Thursday, December 29, 2011


By Arizona Senator Sylvia Allen, November 29, 2011 (PART I OF II)

The Arizona border remains under assault. This assault is not diminishing but increasing! Just south of Arizona, Mexico is in a state of civil war. The death toll in Mexico is more than 40,000 lives lost since 2006. Only the Mexican military is able to maintain any semblance of order, and many within Mexico are now even openly questioning “for how long?” In a recent exclusive interview with Newsmax, former Mexican President Vicente Fox said bluntly his nation was at “war” with drug cartels. “Everybody’s trying to deny that we’re going through a war but that’s what it is.”

Graphic photos of beheadings, kidnapping scenes, and mass graves are sent to me weekly in Border Briefing reports. The cartels/gangs have corrupted Mexican law enforcement at all levels, thereby protecting their illicit $12-billion-a-year criminal enterprise. You would think the United States government would be greatly concerned; you would think those in positions of public trust in Washington would spend at least as much time working on stabilizing Mexico as they do on Egypt and Libya. Yet hardly a word is said about the increasing problems and threats stemming from our immediate neighbor to the south other than the spin from Washington that “the border is safer now than ever.”

But to those of us tasked with providing security to the citizens of Arizona and beyond, nothing of substance is said or enacted and, all the while, a war is headed this way. This war is real, and it is dangerous, and soon this war will be fought with increasing measures in America.

NewsMax devoted two months last Spring conducting more than 20 interviews during visits to border areas in Texas, New Mexico, and Arizona. They found overwhelming evidence that Mexico’s drug cartels have already penetrated deep into our nation’s heartland, and Americans are increasingly fearful.

As Chairman of the Arizona Senate Committee on Border Security, my committee heard testimony last year from many citizens who live in the border area. They reported home invasions, vandalism, stolen property, and a host of other criminal activities. An Intelligence Briefing to a Joint Session of Selected Legislators on November 10th, 2011, by Zack Taylor, retired Border Patrol Supervisory Agent, and Dr. Lyle Rapacki, a Threat Assessment and Intelligence Specialist, went even further than the NewsMax articles.

These experts reported how “lookout posts” are positioned in key points throughout the desert, and as far north (65-miles from the border) as the City of Casa Grande, Arizona, the I-8 corridor and Apache Junction, and along the I-10 corridor approaching the bedroom community of Ahwatukee. This briefing further revealed that the cartels (and lookouts) are heavily armed with military-grade weapons, camouflage, sophisticated and expensive night-vision goggles, satellite communications, food and water, and organized logistical support. If you go to the Pinal County Sheriff’s website, you can read many reports of drug busts, fire fights, auto chases, and other serious encounters with the cartels/gangs/human smugglers occurring frequently in Pinal County, which is far inside the border of the United States of America.

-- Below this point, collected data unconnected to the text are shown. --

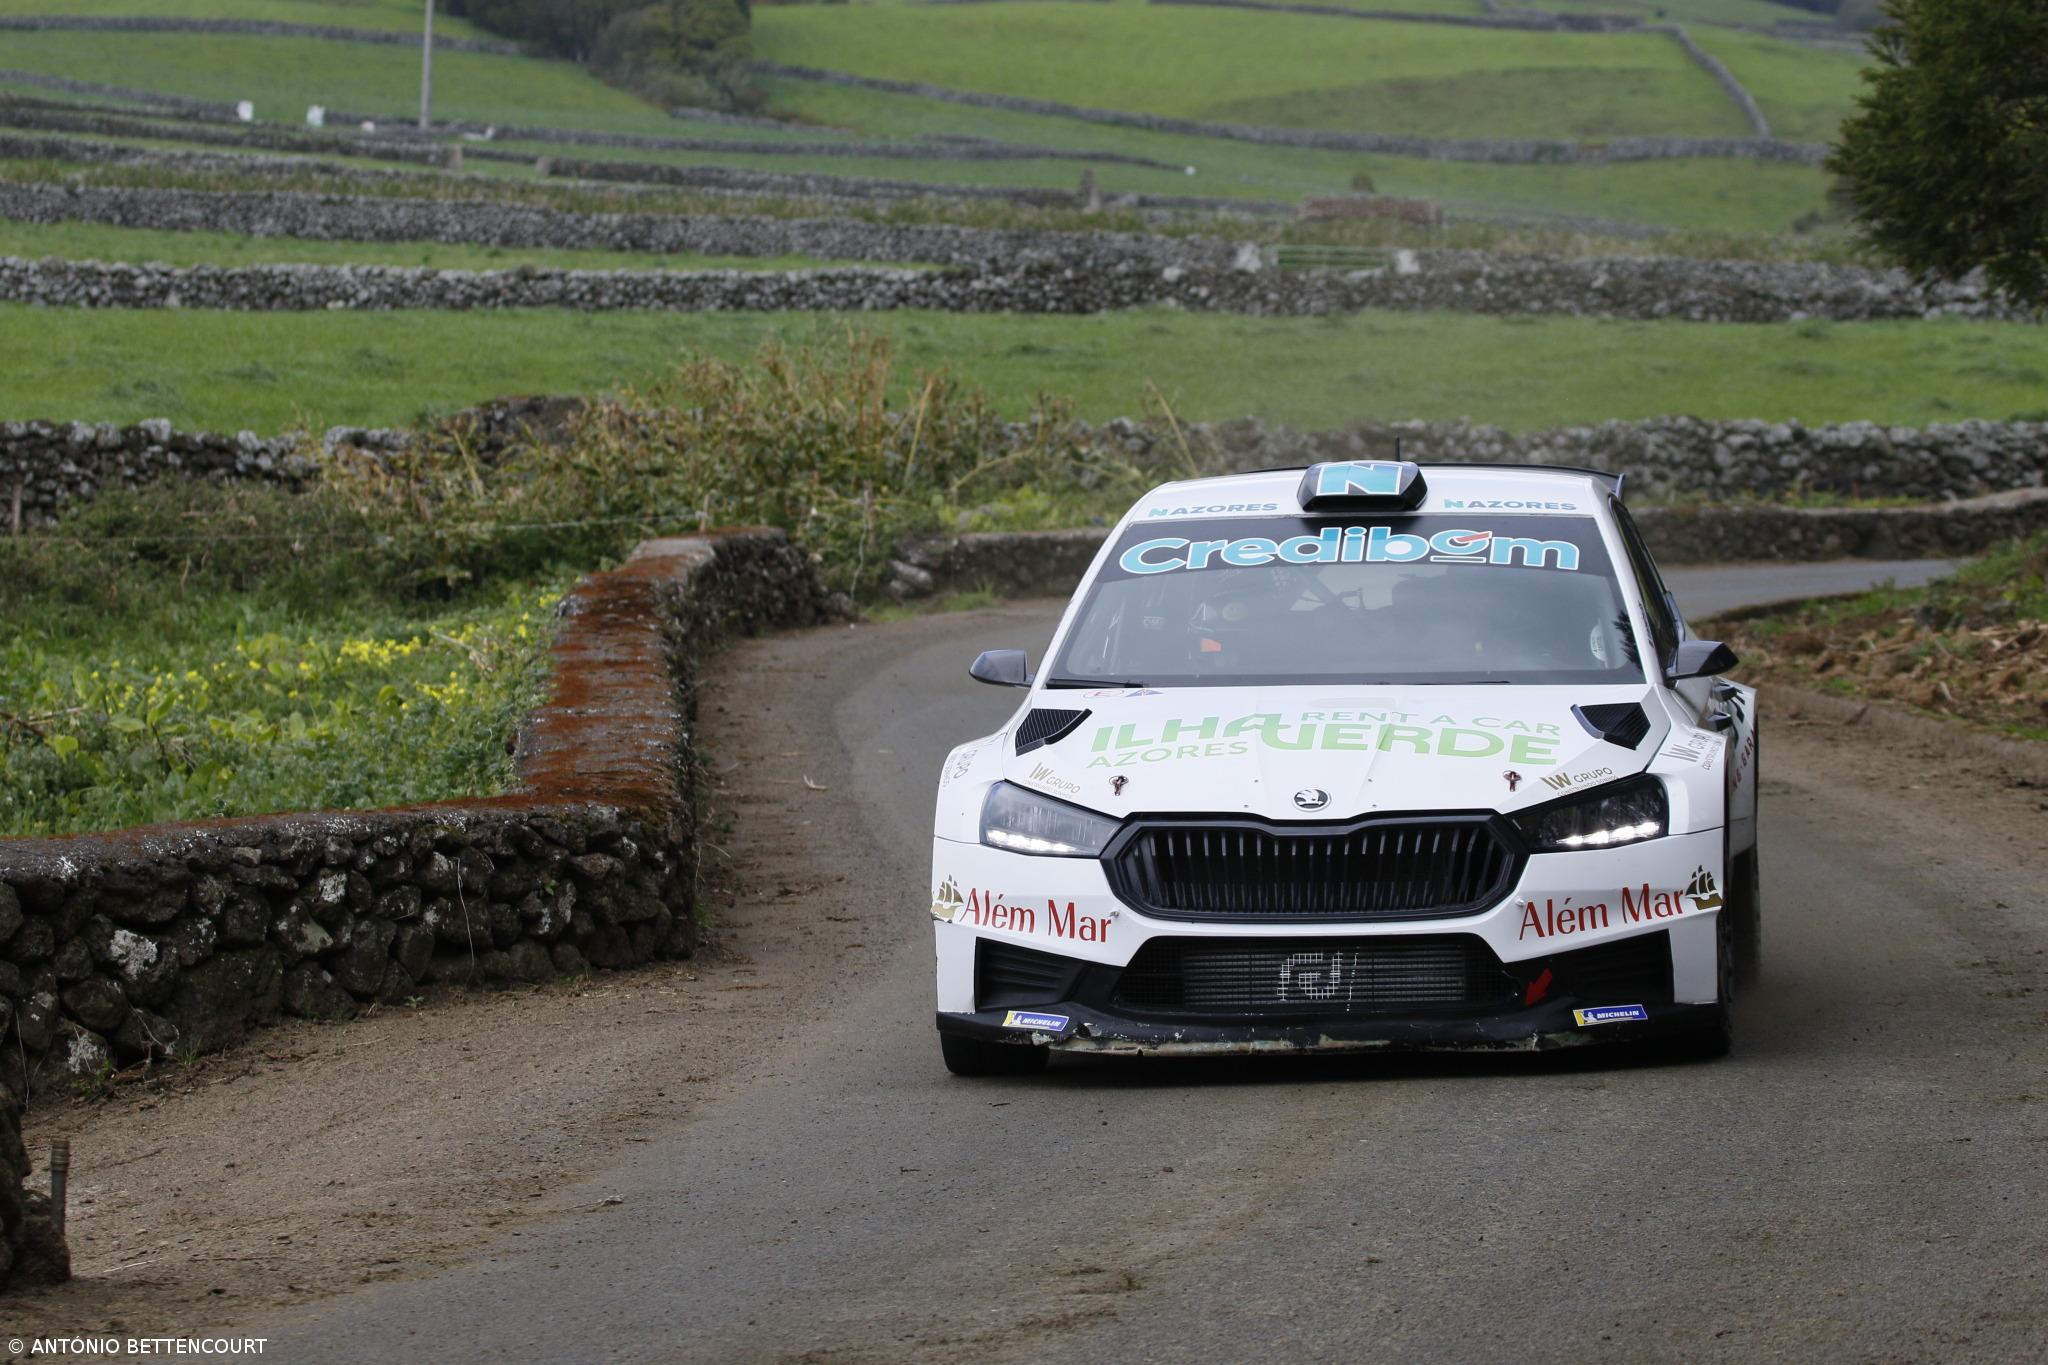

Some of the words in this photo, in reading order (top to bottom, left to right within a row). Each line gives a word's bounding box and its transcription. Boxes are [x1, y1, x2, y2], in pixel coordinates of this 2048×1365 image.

[1119, 525, 1580, 575] Credibom
[1091, 713, 1283, 753] ILHA
[1301, 711, 1419, 723] RENT
[1430, 714, 1457, 725] A
[1472, 717, 1561, 736] CAR
[1086, 741, 1249, 768] AZORES
[1045, 777, 1081, 794] GRUPO
[1573, 767, 1613, 783] GRUPO
[959, 887, 1035, 934] Além
[1047, 899, 1112, 943] Mar
[1519, 896, 1609, 941] Além
[1621, 883, 1684, 924] Mar
[1021, 1017, 1062, 1027] MICHELIN
[1597, 1010, 1640, 1019] MICHELIN

Additionally, and with as much concern, Arizona has to deal with health issues and trash, mounds of trash left by illegal aliens marching into America. Fifth-generation rancher Jim Chilton has seen his once-beautiful ranch, just a few miles from the border with Mexico, be destroyed with crushed trees and cactus, whole hillsides turned into charred eyesores, years worth of his award-winning conservation projects obliterated – and his ranch is littered with trash, tons of trash, and some of this trash is dead bodies.

Mr. Chilton stated: “I’ve got 30,000 to 40,000 illegal aliens coming right through my ranch every year, and the Forest Service says each one leaves about eight pounds of trash. This means 100 tons of trash. Some of my cows eat the plastic bags that are thrown down, and about 10 head of cattle die per year, and their deaths are slow and painful. At $1,200 per cow lost, this means I lose $12,000 a year in cows to trash!”

Adding insult is the Bureau of Land Management with their insane proposal to shut down target shooting on 490,000 acres in the Sonoran Desert National Monument, and another 1.4 million acres of additional public lands in Pinal County. The Bureau claims shooters are leaving trash behind. It is NOT the shooters who are decimating the desert but drug and human smugglers! The BLM knows this but have developed this ploy to restrict Arizonans from entering this land. Arizona Game and Fish, on their maps, warn hunters that 35 miles north of the Border the land is impacted by illegal activity from illegal aliens.